I noticed that when patients would start talking on the phone, they would fade away and start changing into a different person. I didn’t know what was going on at the time, so I just stayed away from the phone. However, curiosity got the best of me, and I tried listening to the earpiece. All I heard were pops, crackles, and a feeling of me being sucked in. I put the earpiece down immediately.

Then it was time for me to see the doctor. When I heard that, all I felt was dread. I sensed he was a truly evil man. When I got in to the room to see him, he basically asked me why I was there. After my manic strings of answers, he replied. I cannot remember his face other than that I saw two voids for eyes and he looked like nothing I had ever seen before. “I can FIX you,” he said. He handed me a phone and told me to talk on it. I refused. He tried pressuring me hard, and I opened the door and ran out.

Later, I had a brief memory of me in a dark room wearing some sort of helmet that someone was dialing in signals that I could feel into my brain. I felt myself going out of my body to some place else, and entering a realm that I experienced later during my second break, verbatim. I saw many things, and I felt like someone was trying to steal me. I fought back hard, and snapped to in the dark room, threw the helmet off, and ran back into my unit.

I believed they were “curing” these people by attaching healthy souls to them, and part of it had to do with the phones they were strongly encouraging people to use.

That psychiatrist prescribed me Geodon. I refused it, because I could never trust a doctor who tells me “I can fix you,” in such a calm, matter-of-fact demeanor; someone whose face I couldn’t see.

Fortunately, they had another psychiatrist on a different day and she seemed trustworthy. I took the Abilify she prescribed, brand new at the time.

Phones and Psychosis

Phones of any kind had a strange role within my perceptions while I was in the middle of my psychotic episodes. It was simply bizarre during my first episode, which I haven’t written much about yet. During my 2nd episode, I had a few encounters with phones.

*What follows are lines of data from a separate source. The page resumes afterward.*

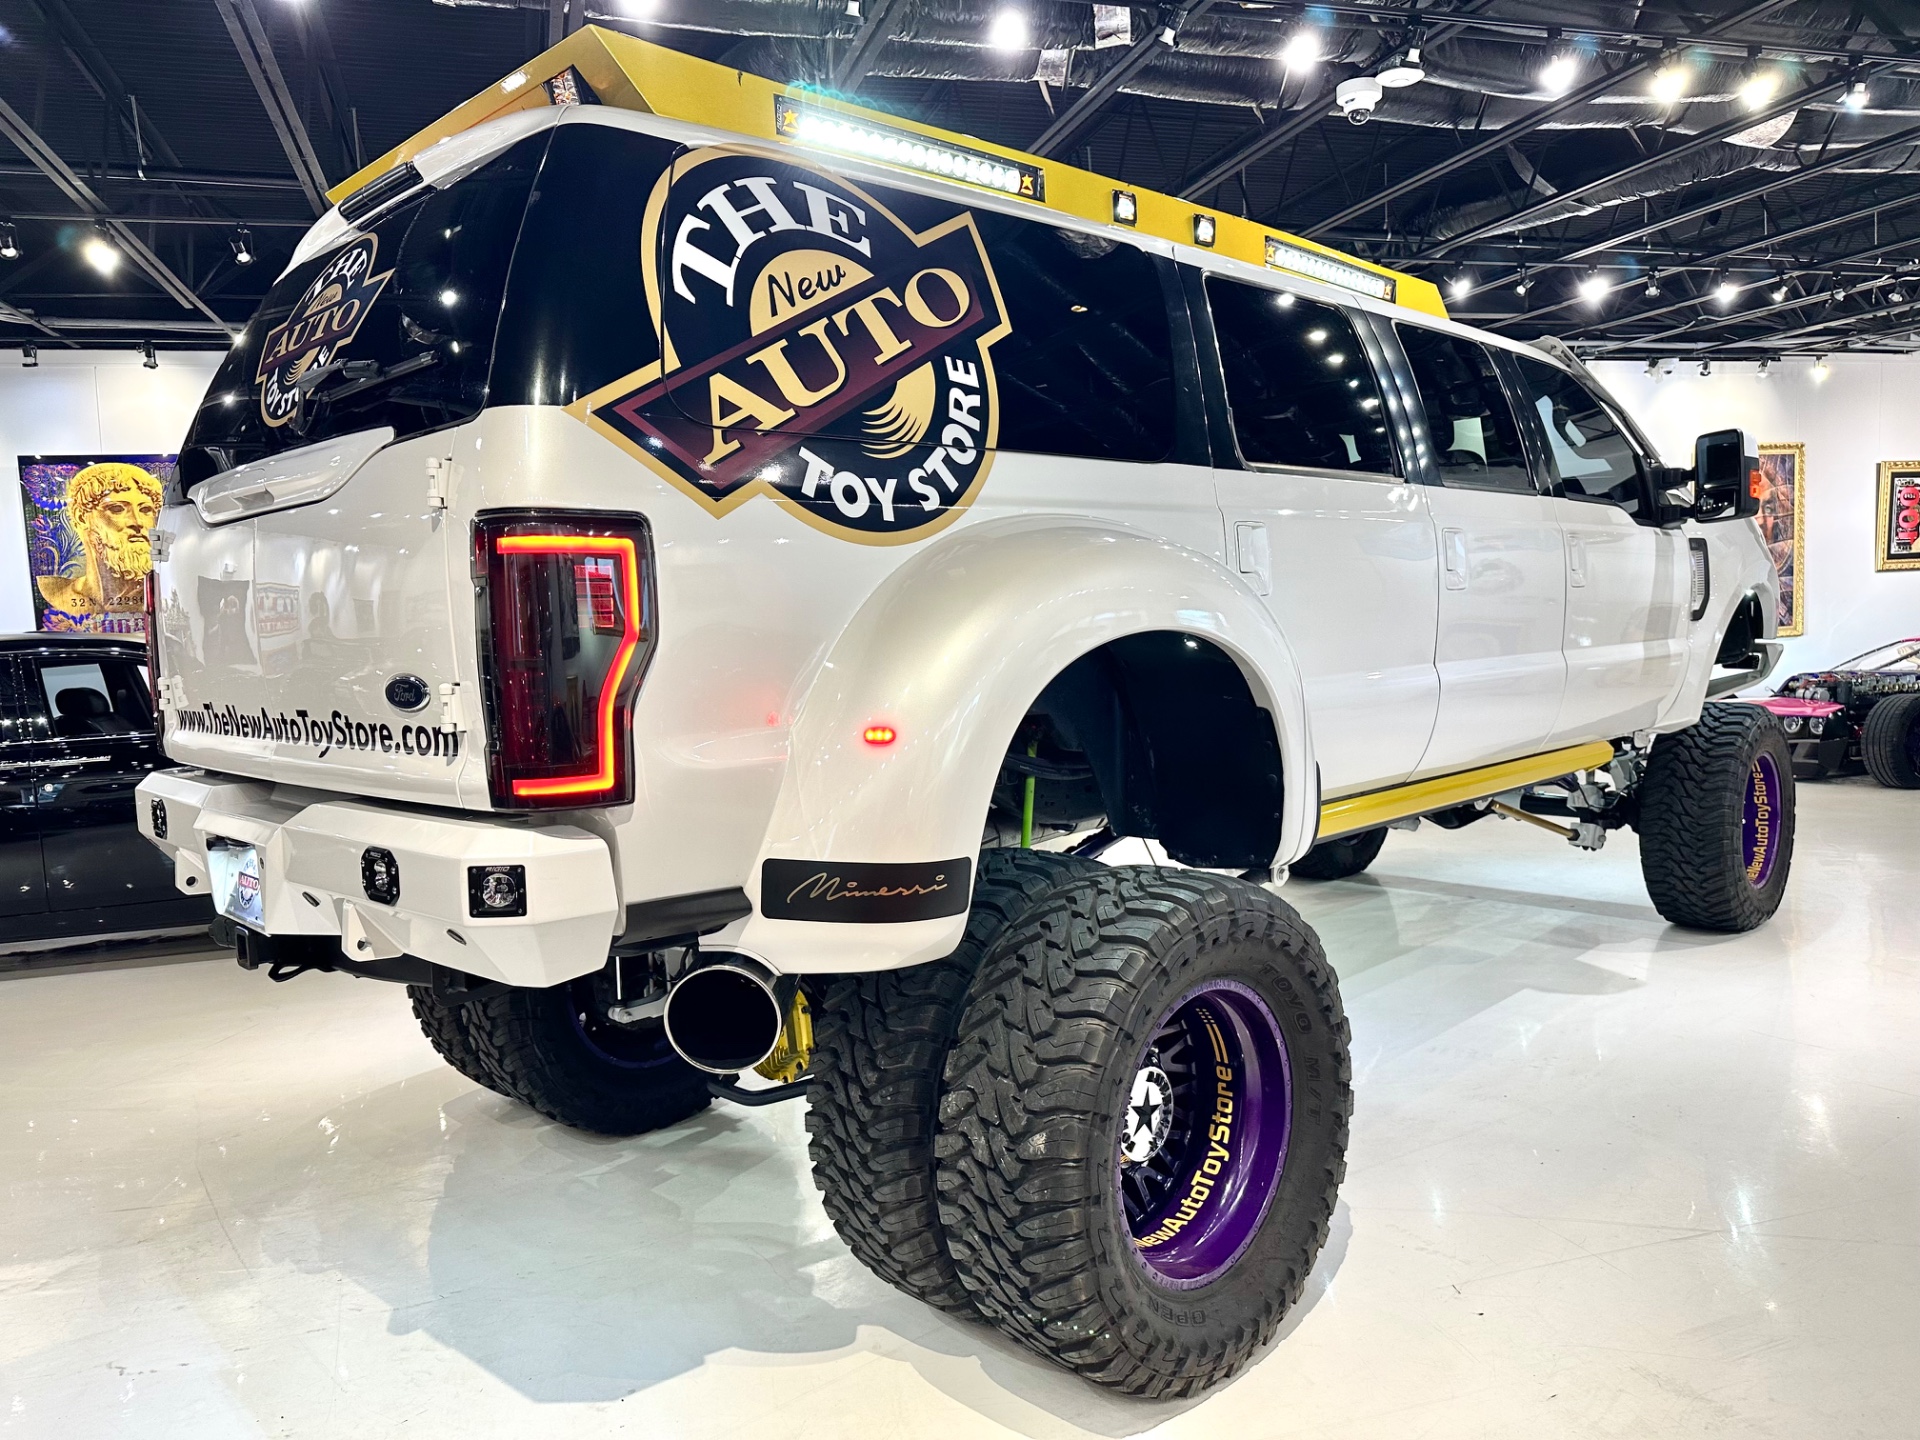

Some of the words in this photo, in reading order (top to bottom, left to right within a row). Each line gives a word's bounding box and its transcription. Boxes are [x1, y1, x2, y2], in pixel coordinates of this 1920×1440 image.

[671, 176, 872, 307] THE
[305, 247, 368, 306] THE
[766, 264, 847, 319] New
[265, 298, 361, 364] AUTO
[266, 366, 282, 413] TOY
[702, 268, 970, 466] AUTO
[798, 446, 899, 522] TOY
[907, 355, 982, 512] STORE
[393, 683, 416, 702] Ford
[177, 702, 459, 758] www.TheNewAutoToyStore.com
[239, 874, 259, 891] AUTO

I remember making a phone call on my cell to a friend of mine. On my end, I tried to talk to him and heard him speaking, then my whole perception would change and all I heard was static coming from the phone. As it faded back in, I could hear him talking again like normal. Then it would get fuzzy, and static again. I talked to him while it was static and when I could hear him, he asked questions about what I had just said to him, so he could hear me just fine. It’s like my brain was switching channels on me, tuning in and out of the frequencies of the phone. When it tuned out, I heard the static and something… unexplainable.

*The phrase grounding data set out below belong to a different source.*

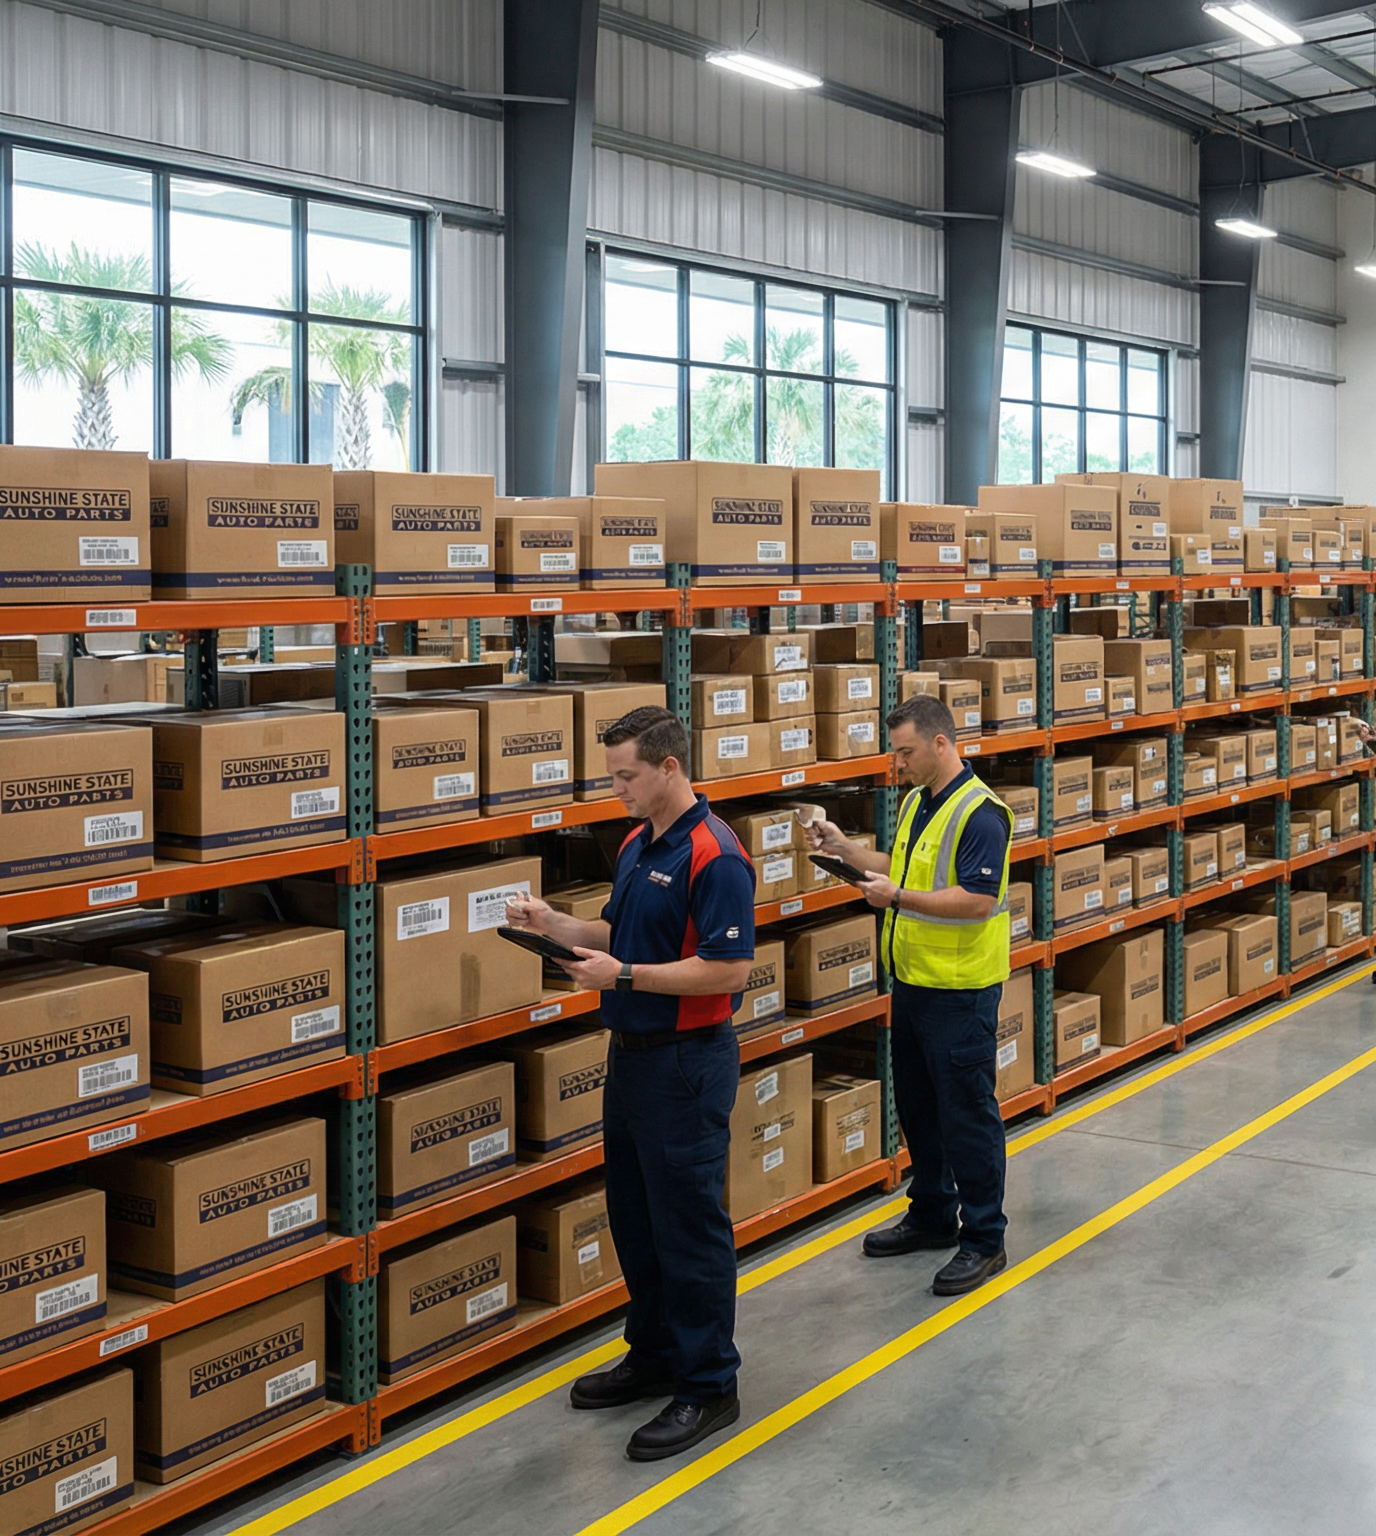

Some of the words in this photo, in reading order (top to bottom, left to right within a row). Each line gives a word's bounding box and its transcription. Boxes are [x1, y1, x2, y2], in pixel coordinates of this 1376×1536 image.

[0, 490, 78, 506] SUNSHINE
[82, 492, 127, 508] STATE
[280, 503, 317, 515] STATE
[4, 508, 56, 518] AUTO
[66, 509, 123, 520] PARTS
[224, 757, 289, 776] SUNSHINE
[291, 753, 327, 768] STATE
[6, 778, 82, 798] SUNSHINE
[86, 772, 130, 790] STATE
[10, 796, 61, 812] AUTO
[292, 973, 327, 991] STATE
[229, 1001, 271, 1020] AUTO
[0, 1031, 78, 1060] SUNSHINE
[82, 1019, 126, 1041] STATE
[6, 1053, 56, 1074] AUTO
[65, 1037, 122, 1059] PARTS
[270, 1163, 307, 1184] STATE
[205, 1198, 250, 1220] AUTO
[34, 1240, 81, 1266] STATE
[197, 1368, 242, 1394] AUTO
[57, 1423, 102, 1454] STATE

The other encounter I had with a phone in the hospital on my second break was I felt an overwhelming dread when I saw the pay phone ring, and I rushed to prevent a fellow patient from answering it. I believed pay phones were dangerous from experiences I had in the hospital during my first episode. However, a certain staff member saw this immediately and told me just what I needed to hear, that this is a safe hospital with good staff, who aren’t out to harm anyone. I then thought nothing further of the issue other than remembering phones at the other hospital during my first break.